I rendimenti dei titoli di Stato dell’Eurozona, al momento della stesura (ore 16:33) trattano in rialzo. Il Btp italiano si attesta al 4.152% e il Bund tedesco al 2.2980%, portando lo spread in rialzo a 185.4 punti base.
Aumenti anche nel tratto breve della curva, con il CTZ al 3.253% e lo Schatz al 2.710%.
Le aspettative di mercato sono sempre più incentrate attorno ulteriori aumenti dei tassi di interesse, dal momento che l’inflazione core si mantiene a un livello considerato ancora troppo elevato. Lo ha affermato ieri Pablo Hernandez de Cos, governatore del Banco de Espana e membro del Consiglio Bce, in occasione del discorso a Washington, sottolineando che il settore bancario europeo è resiliente e l'Eurotower è pronta a rispondere per mantenere la stabilità finanziaria. Sul fronte macro, si segnala il dato sulle vendite al dettaglio dell'Eurozona (-0.8% m/m in linea con le attese, precedente +0,8%; e al -3% a/a, contro il -3.5% rilevato dal consensus).
Oltreoceano, il rendimento del Treasury decennale tratta poco mosso al 3.428 % in attesa del dato dell'inflazione americana di domani che potrebbe dare indicazioni più chiare sulle prossime mosse della Fed.
I recenti dati macroeconomici negli Stati Uniti hanno mostrato un rallentamento dell’economia USA e questa mattina, lo Small Business Optimism Index, è calato più delle aspettative a 90.1 punti.

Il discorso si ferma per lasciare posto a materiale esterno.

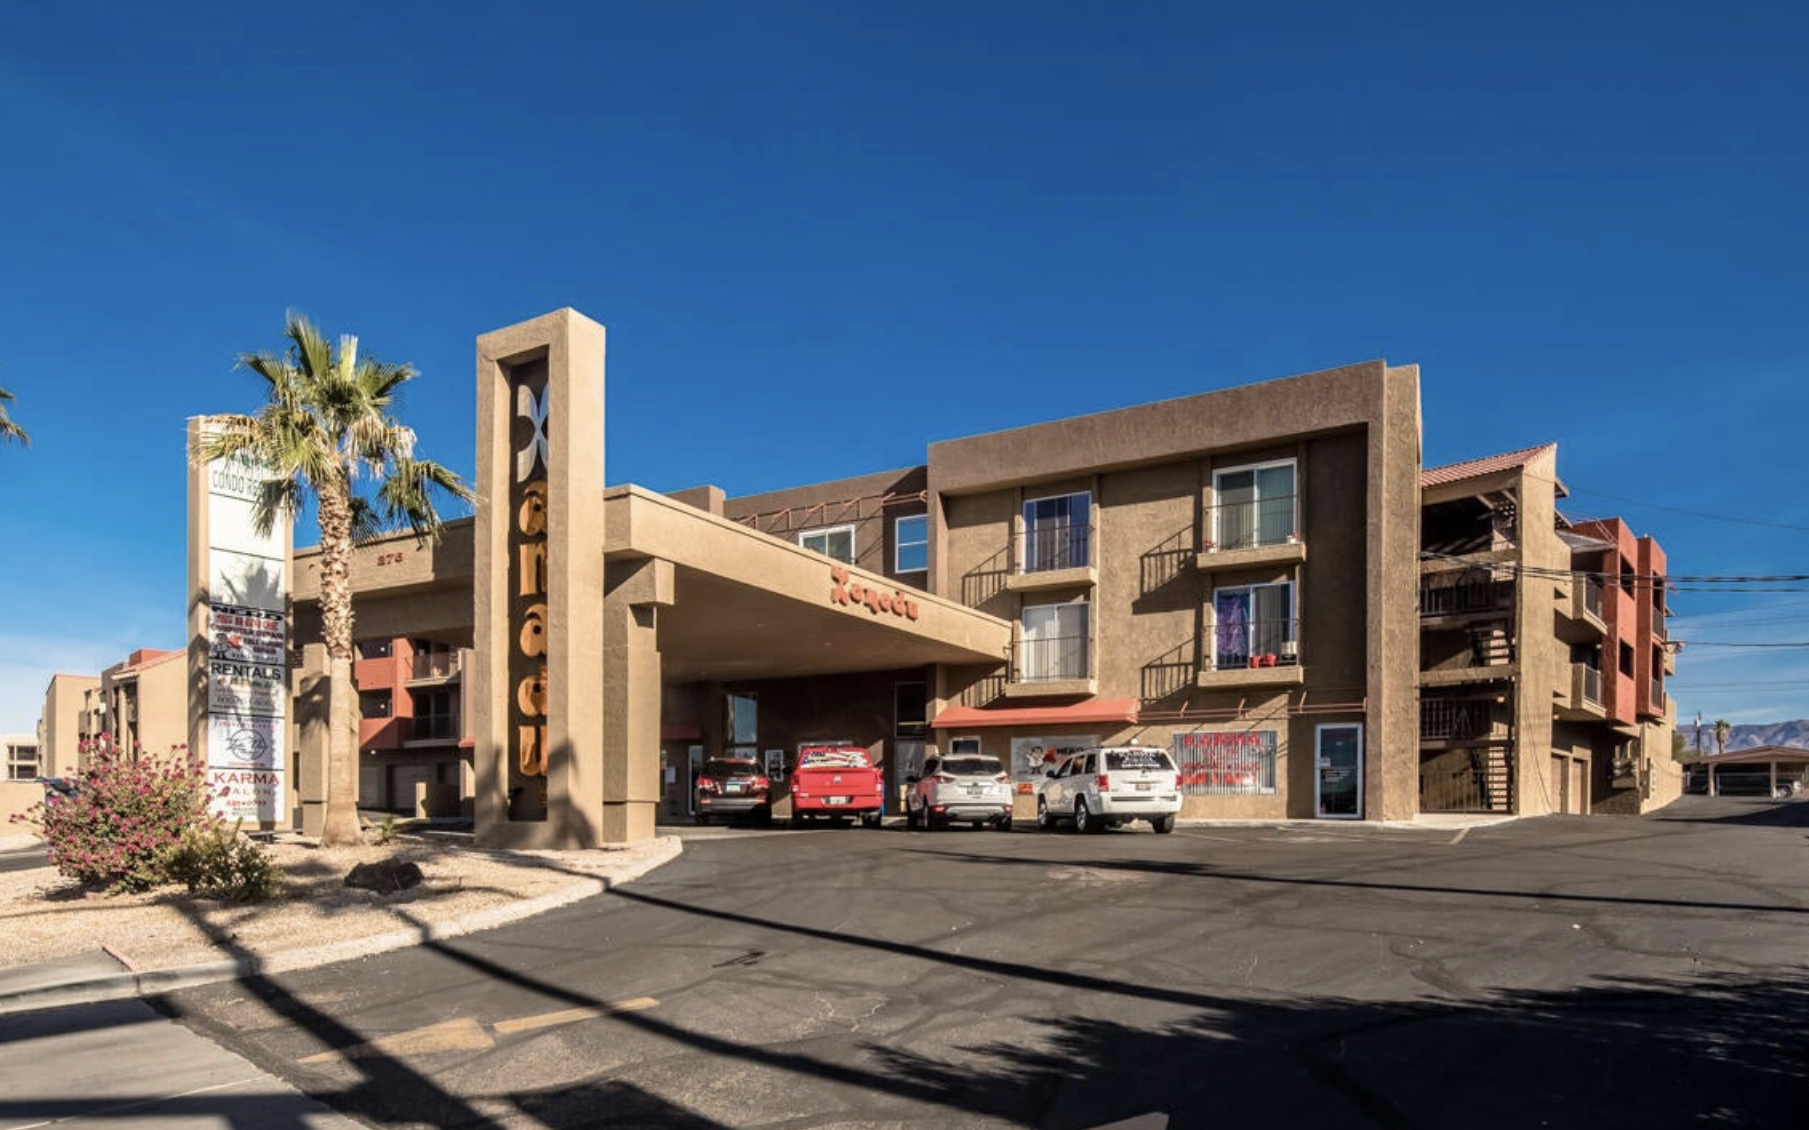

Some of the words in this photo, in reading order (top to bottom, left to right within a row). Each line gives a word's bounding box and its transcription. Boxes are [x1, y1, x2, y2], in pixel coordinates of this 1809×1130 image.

[212, 469, 245, 493] CONDO
[377, 552, 404, 566] 276
[211, 662, 281, 680] RENTALS
[1183, 732, 1261, 749] KARMA
[214, 772, 279, 785] KARMA
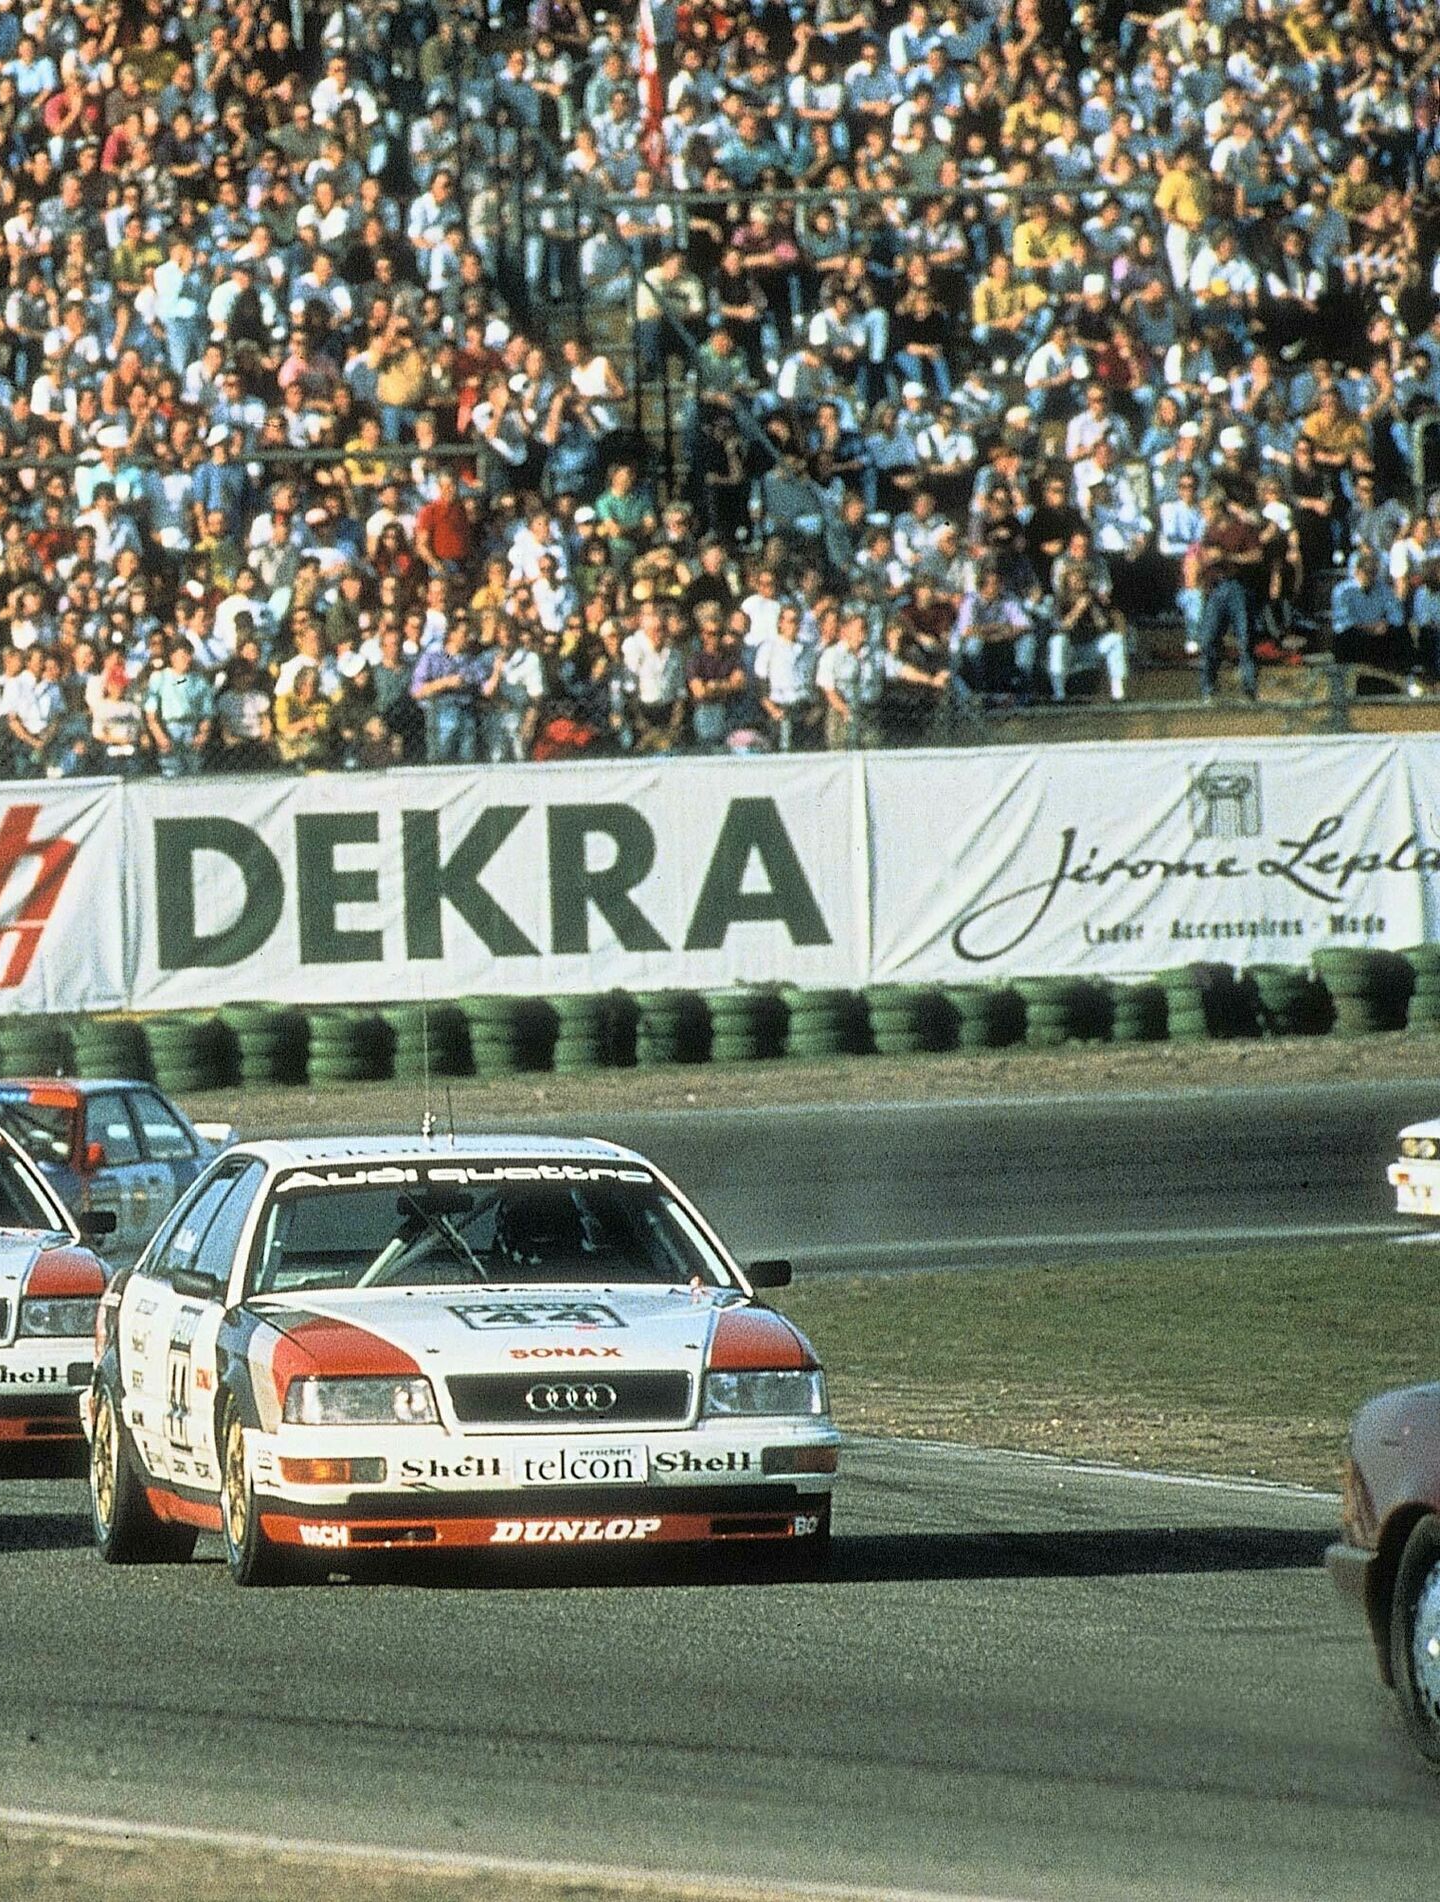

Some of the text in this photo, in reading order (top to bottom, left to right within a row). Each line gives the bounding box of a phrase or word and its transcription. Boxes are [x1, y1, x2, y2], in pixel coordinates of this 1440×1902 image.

Tuttavia, il report sul mondo del lavoro di marzo non porta abbastanza argomentazioni per i membri più dovish del FOMC per interrompere il processo di rialzo dei tassi di interesse, e le aspettative di mercato si formano attorno alla possibilità di un rialzo da 25 punti base da parte della Fed nella prossima riunione del 3 maggio (al 70% questa mattina).